In-town Dallas is the construction leader, with 1,400 units underway. Lewisville and the Las Colinas areas have 1,000 apartments pushing out of the ground and North Fort Worth has 850 units rising. At last count, the region was supporting 550,000 units.
Submarkets hovering 95% occupancy are in-town Dallas, Oak Lawn, Far North Dallas, Las Colinas/Valley Ranch, West Plano and Allen/McKinney. The down side, Willett says, is none of the submarkets are experiencing rent gains. "The neighborhoods actually in the best shape are a group where occupancy tends to be a little lower, around 94%," he says. The latest research shows owners were able to hike rents 2% to 5% over the past year in Duncanville, Mesquite, Downtown Fort Worth and its neighboring cultural district, Northeast Tarrant County near Grapevine and North Fort Worth in the Fossil Creek area.

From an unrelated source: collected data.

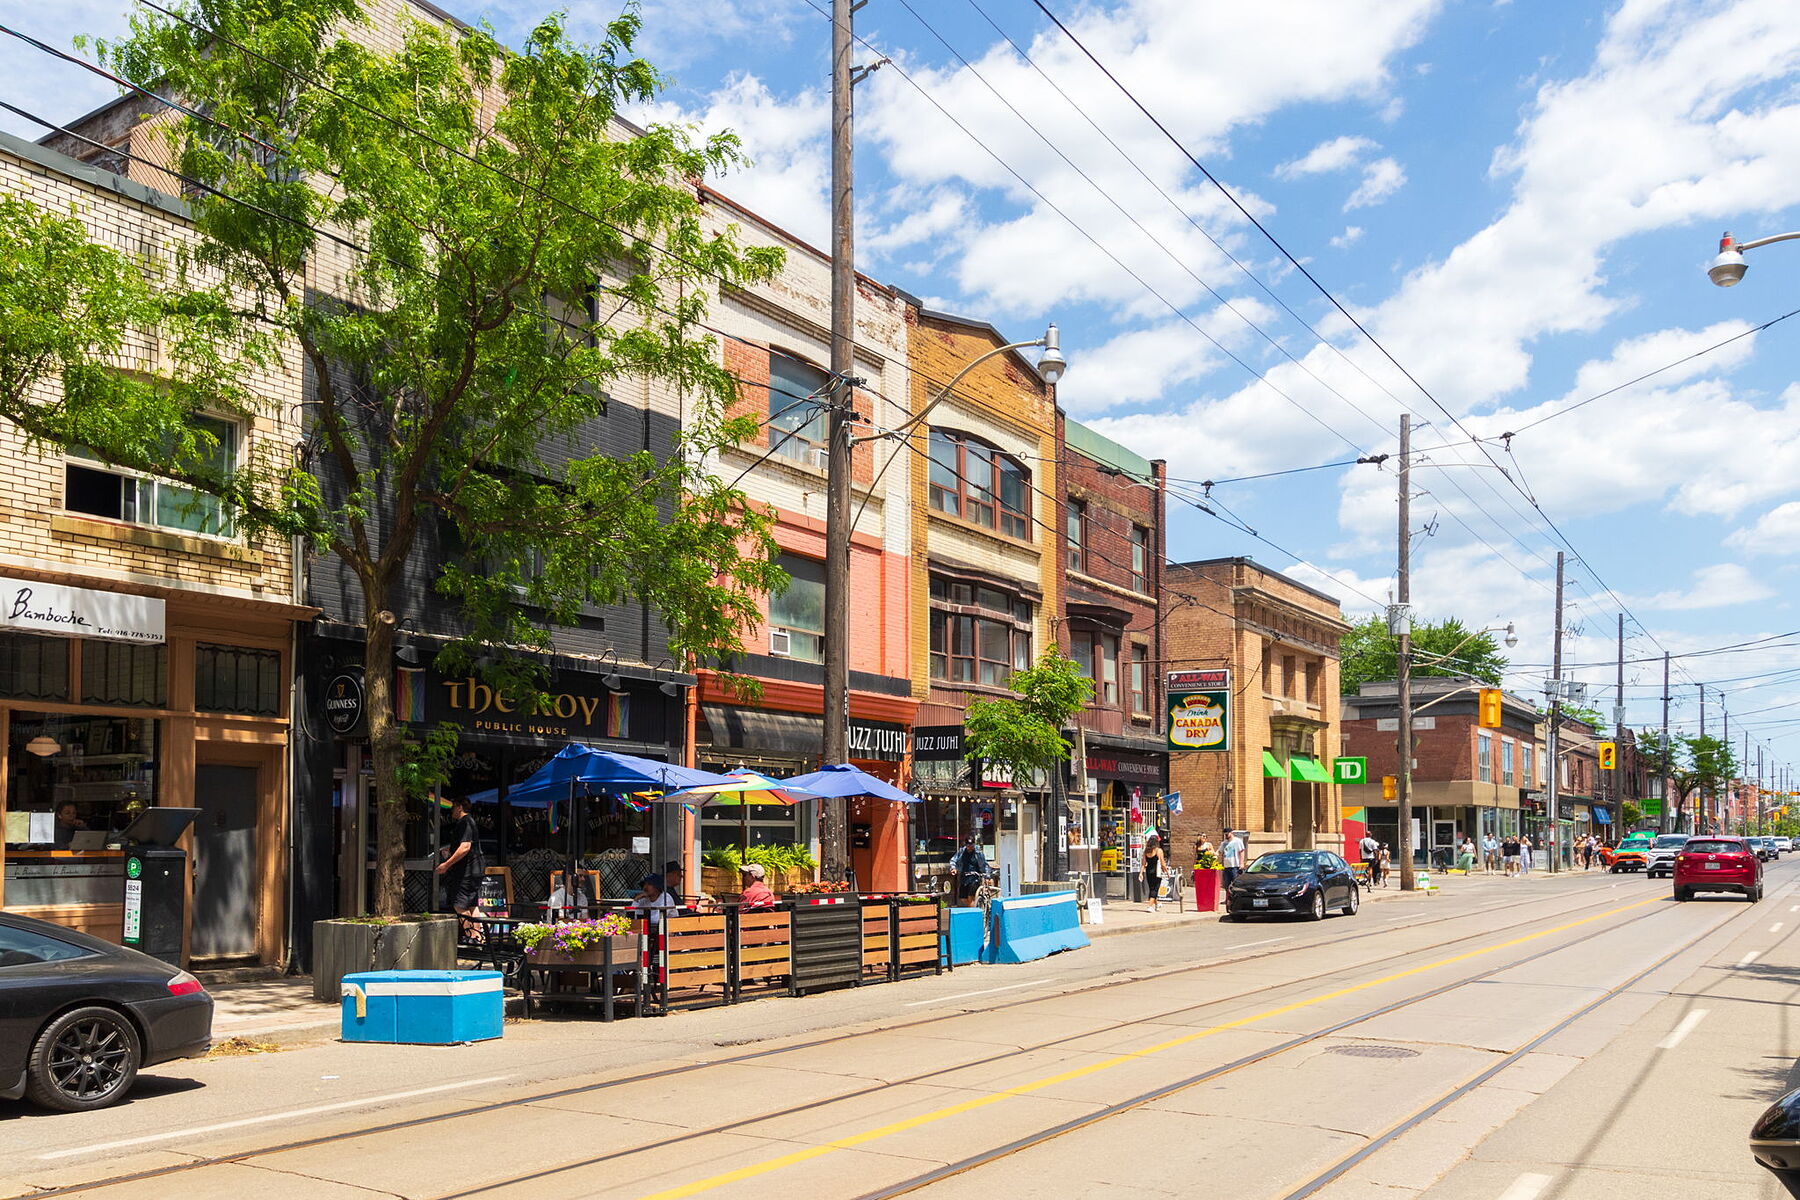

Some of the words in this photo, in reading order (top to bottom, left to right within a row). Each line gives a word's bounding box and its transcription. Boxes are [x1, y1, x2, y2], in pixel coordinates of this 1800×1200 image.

[9, 588, 92, 627] Bamboche
[327, 698, 357, 710] GUINNESS
[1187, 709, 1209, 717] Drink
[476, 720, 522, 732] PUBLIC
[528, 725, 568, 736] HOUSE
[1175, 718, 1219, 728] CANADA
[1185, 728, 1210, 738] DRY
[875, 728, 907, 754] SUSHI
[915, 736, 934, 750] JUZZ
[936, 735, 959, 750] SUSHI
[1336, 761, 1362, 779] TD
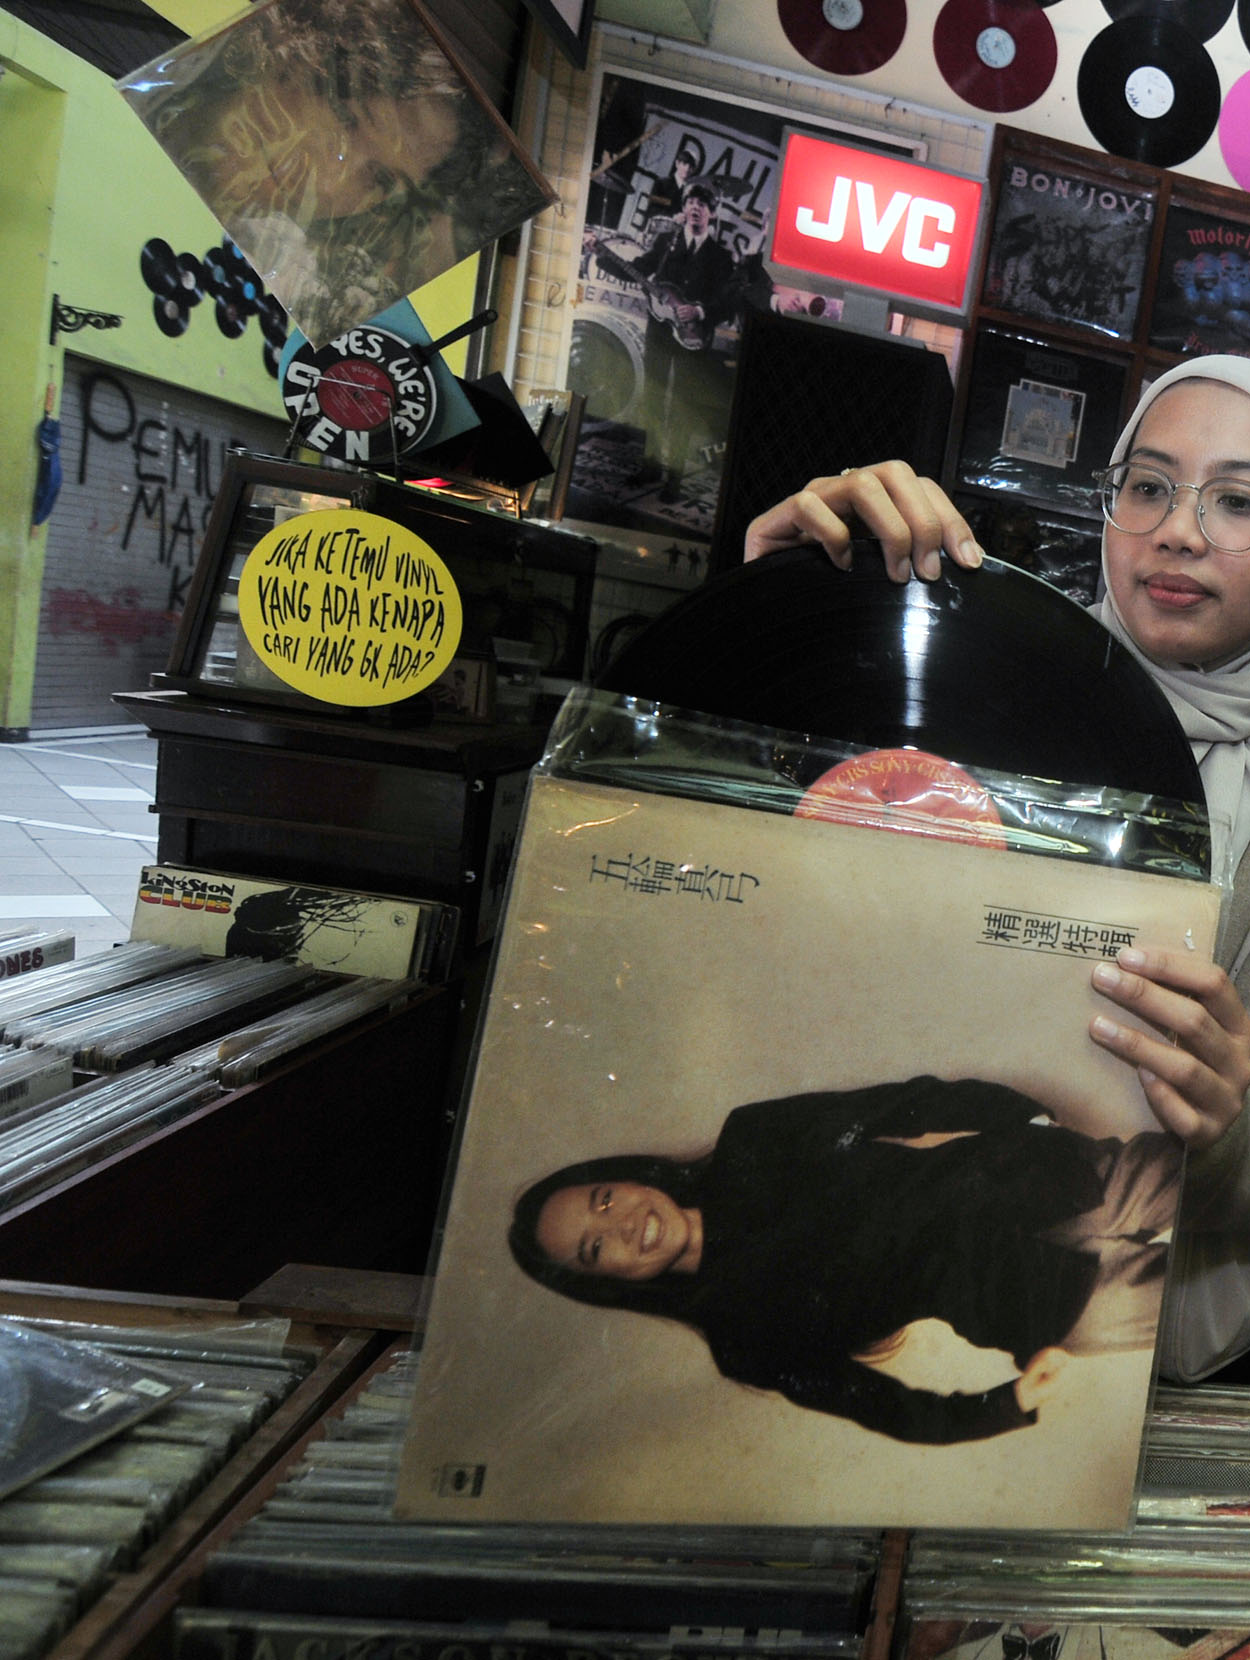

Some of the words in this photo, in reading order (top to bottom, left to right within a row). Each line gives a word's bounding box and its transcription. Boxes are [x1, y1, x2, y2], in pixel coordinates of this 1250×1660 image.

[795, 175, 956, 269] JVC
[1010, 166, 1071, 199] BON
[1082, 187, 1153, 221] JOVI
[78, 372, 247, 501] PEMU
[264, 529, 313, 574] JIKA
[314, 528, 391, 590] KETEMU
[395, 552, 444, 595] VINYL
[258, 575, 311, 631] YANG
[320, 582, 360, 633] ADA
[369, 592, 445, 648] KENAPA
[263, 633, 301, 664] CARI
[305, 634, 355, 677] YANG
[360, 640, 383, 682] GK
[382, 642, 435, 689] ADA?
[139, 884, 233, 914] CLUB

On the demand front, Willett says the region's absorption totaled 22,160 units for the year. In 2000, absorption surpassed 26,000 units. He says 840 units were filled in the fourth quarter, a usually sluggish and high move-out time. "Hurricane evacuees continuing to filter out into DVW apartments provided some support," he says in the report, "but the bigger impact on quarterly demand came from the completion of sizable properties that leased well in select neighborhoods, notable Las Colinas/Valley Ranch, West Plano and Oak Cliff."